What to produce: Your task is to return all of the records exactly, minus any images.

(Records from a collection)

►

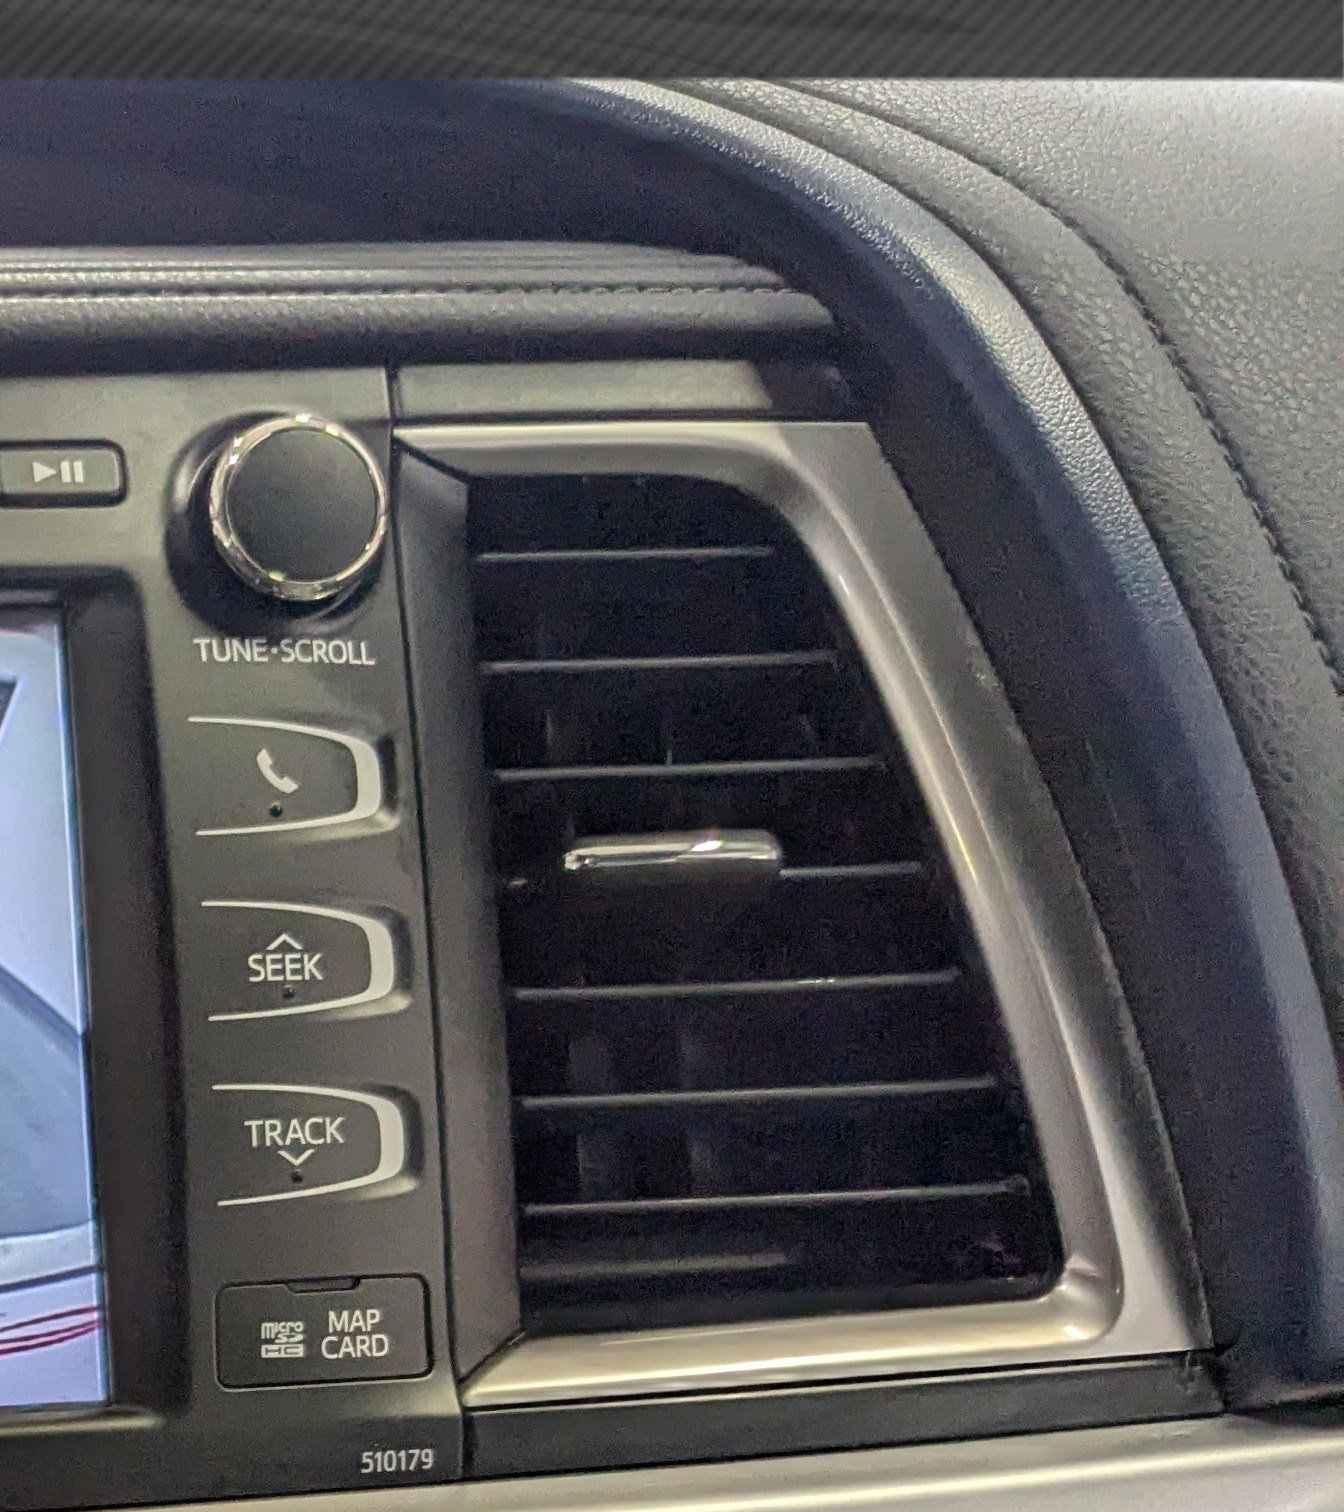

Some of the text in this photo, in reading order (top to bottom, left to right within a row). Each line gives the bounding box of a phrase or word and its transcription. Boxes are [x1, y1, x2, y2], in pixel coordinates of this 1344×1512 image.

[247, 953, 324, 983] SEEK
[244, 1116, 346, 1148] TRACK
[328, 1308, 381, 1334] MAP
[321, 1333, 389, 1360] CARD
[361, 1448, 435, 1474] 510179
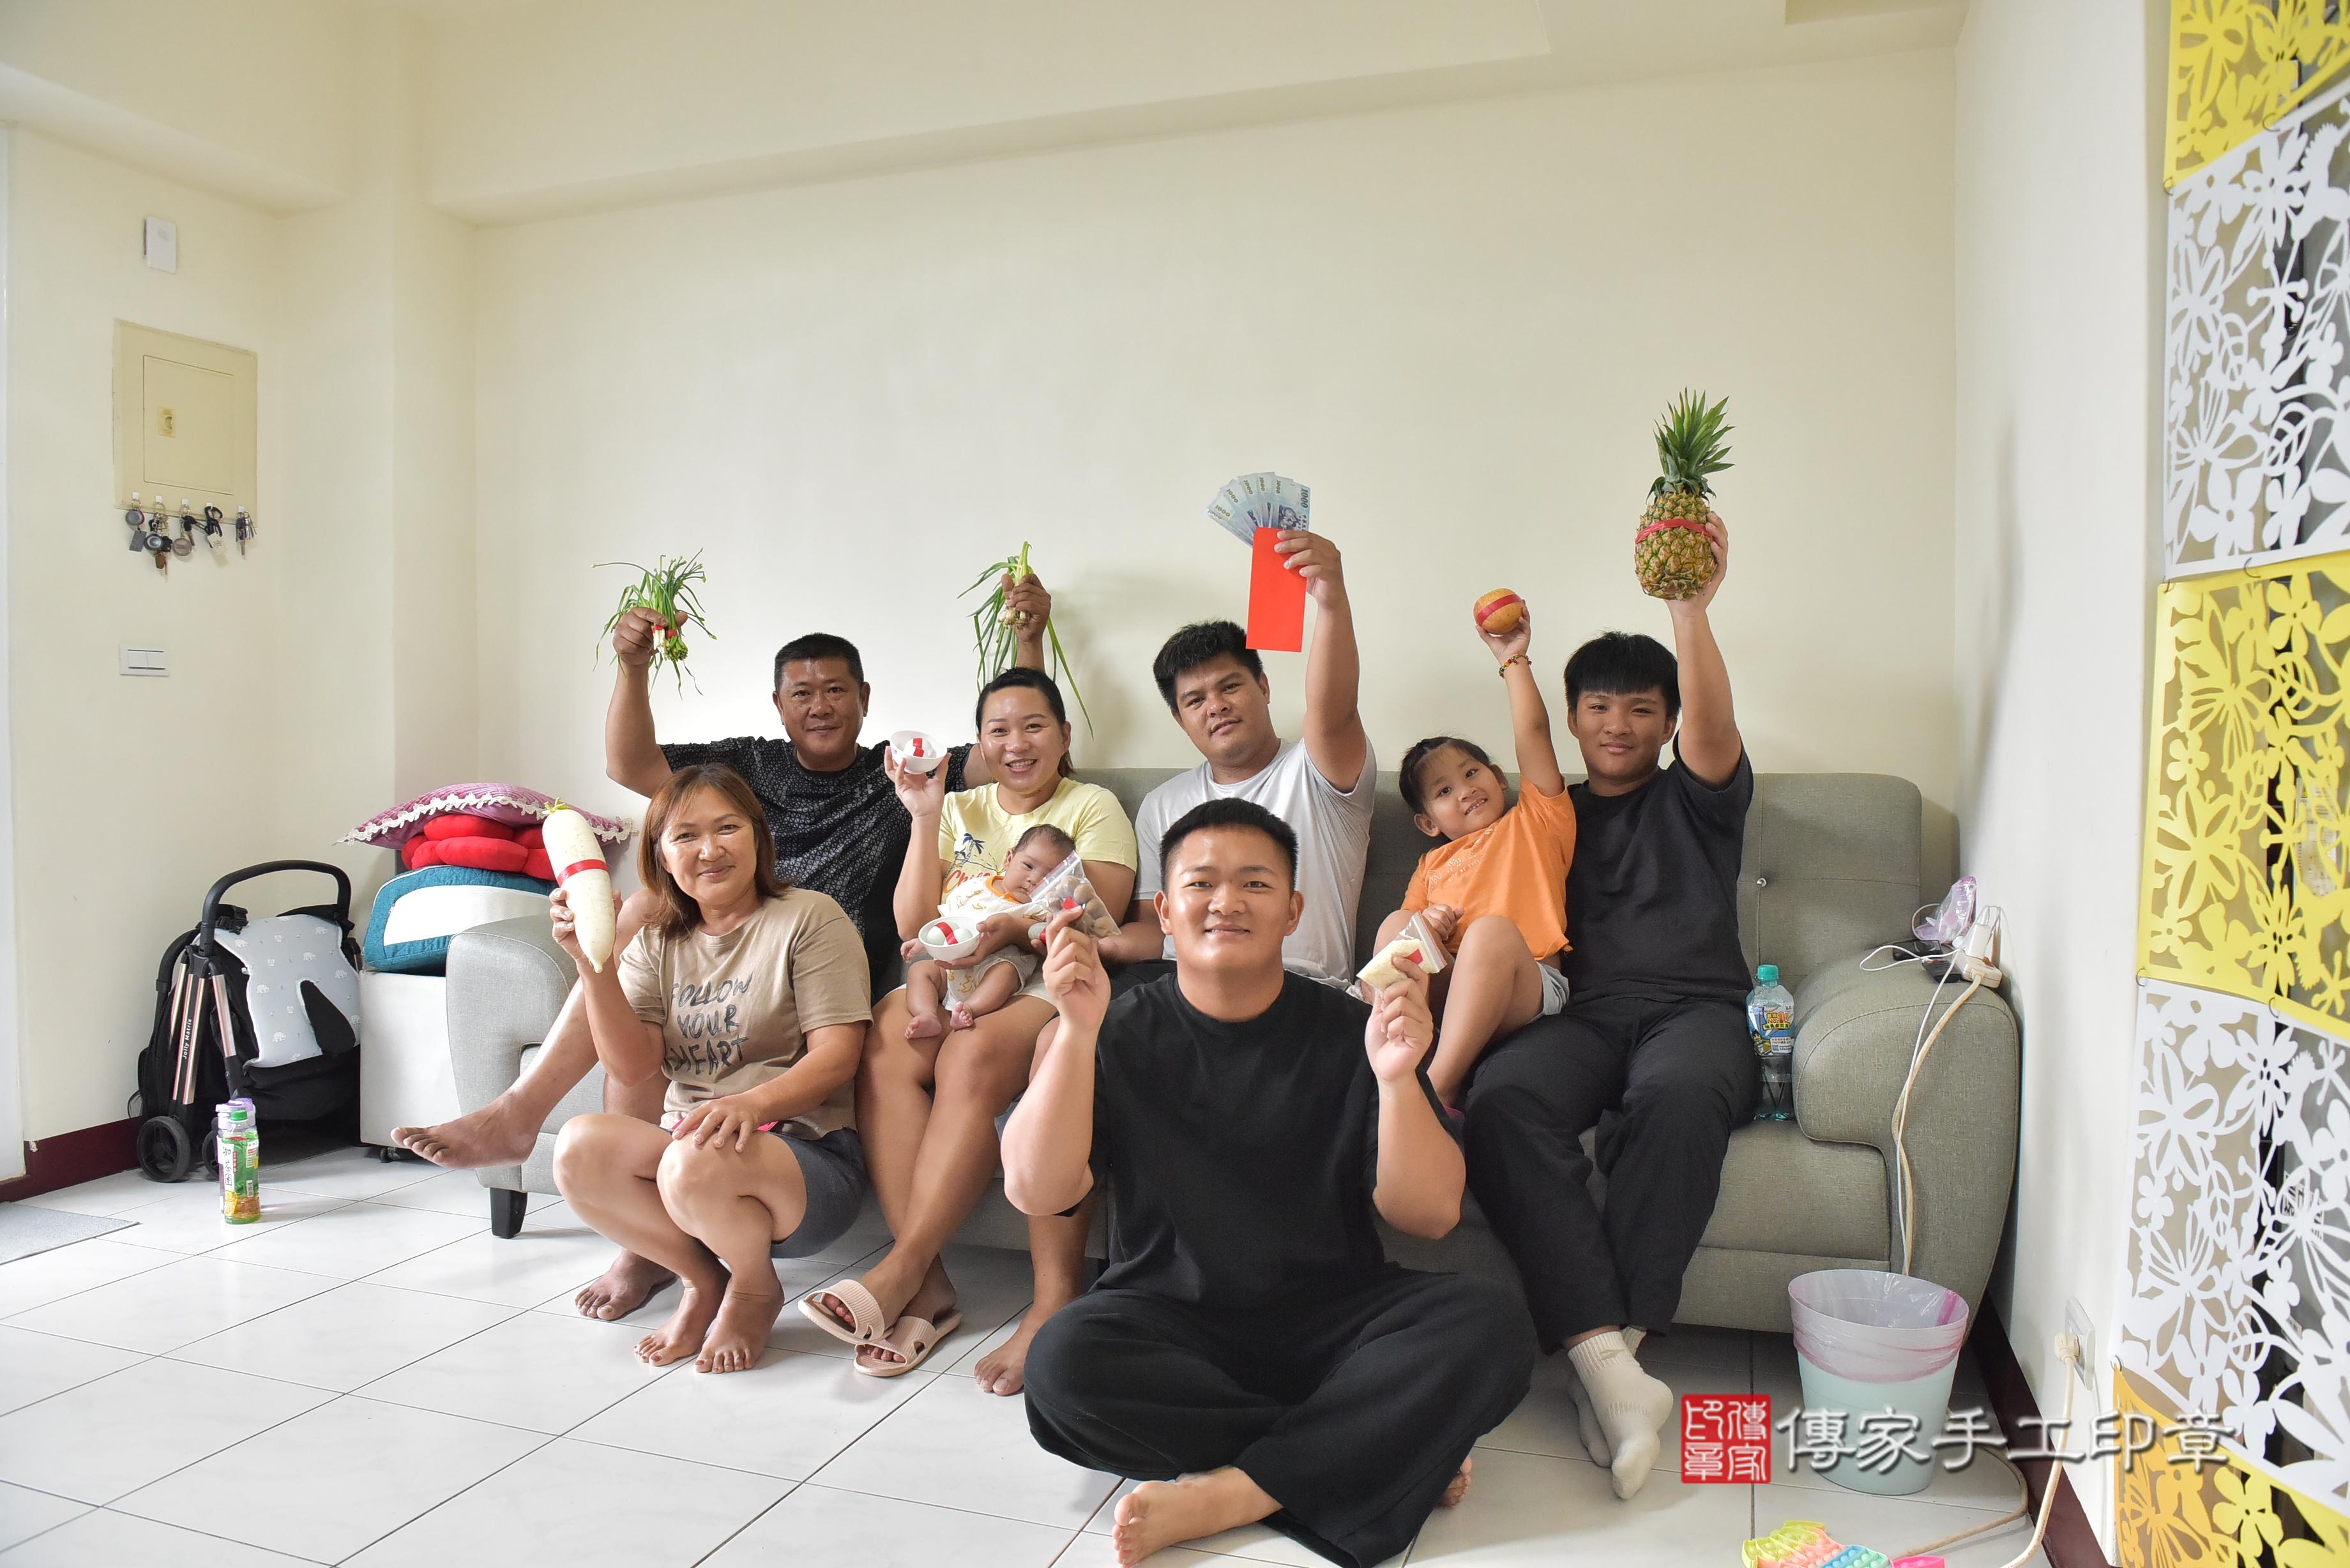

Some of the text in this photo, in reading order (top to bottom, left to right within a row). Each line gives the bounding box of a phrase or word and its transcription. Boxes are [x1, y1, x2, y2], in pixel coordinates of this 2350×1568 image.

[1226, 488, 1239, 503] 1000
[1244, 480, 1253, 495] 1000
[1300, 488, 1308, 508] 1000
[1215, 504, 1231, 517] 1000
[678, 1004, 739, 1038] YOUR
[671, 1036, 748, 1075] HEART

◄

Answer to this problem:
Some of the text in this photo, in reading order (top to bottom, left to right within a row). Each line gives the bounding box of a phrase or word and its transcription. Boxes are [x1, y1, x2, y2], in pixel coordinates of this 1344×1512 image.

[247, 953, 324, 983] SEEK
[244, 1116, 346, 1148] TRACK
[328, 1308, 381, 1334] MAP
[321, 1333, 389, 1360] CARD
[361, 1448, 435, 1474] 510179

Some of the text in this photo, in reading order (top to bottom, left to right within a row). Each line gives the bounding box of a phrase or word and its transcription. Boxes are [x1, y1, x2, y2], in pixel coordinates of this 2350×1568 image.

[1226, 488, 1239, 503] 1000
[1244, 480, 1253, 495] 1000
[1300, 488, 1308, 508] 1000
[1215, 504, 1231, 517] 1000
[678, 1004, 739, 1038] YOUR
[671, 1036, 748, 1075] HEART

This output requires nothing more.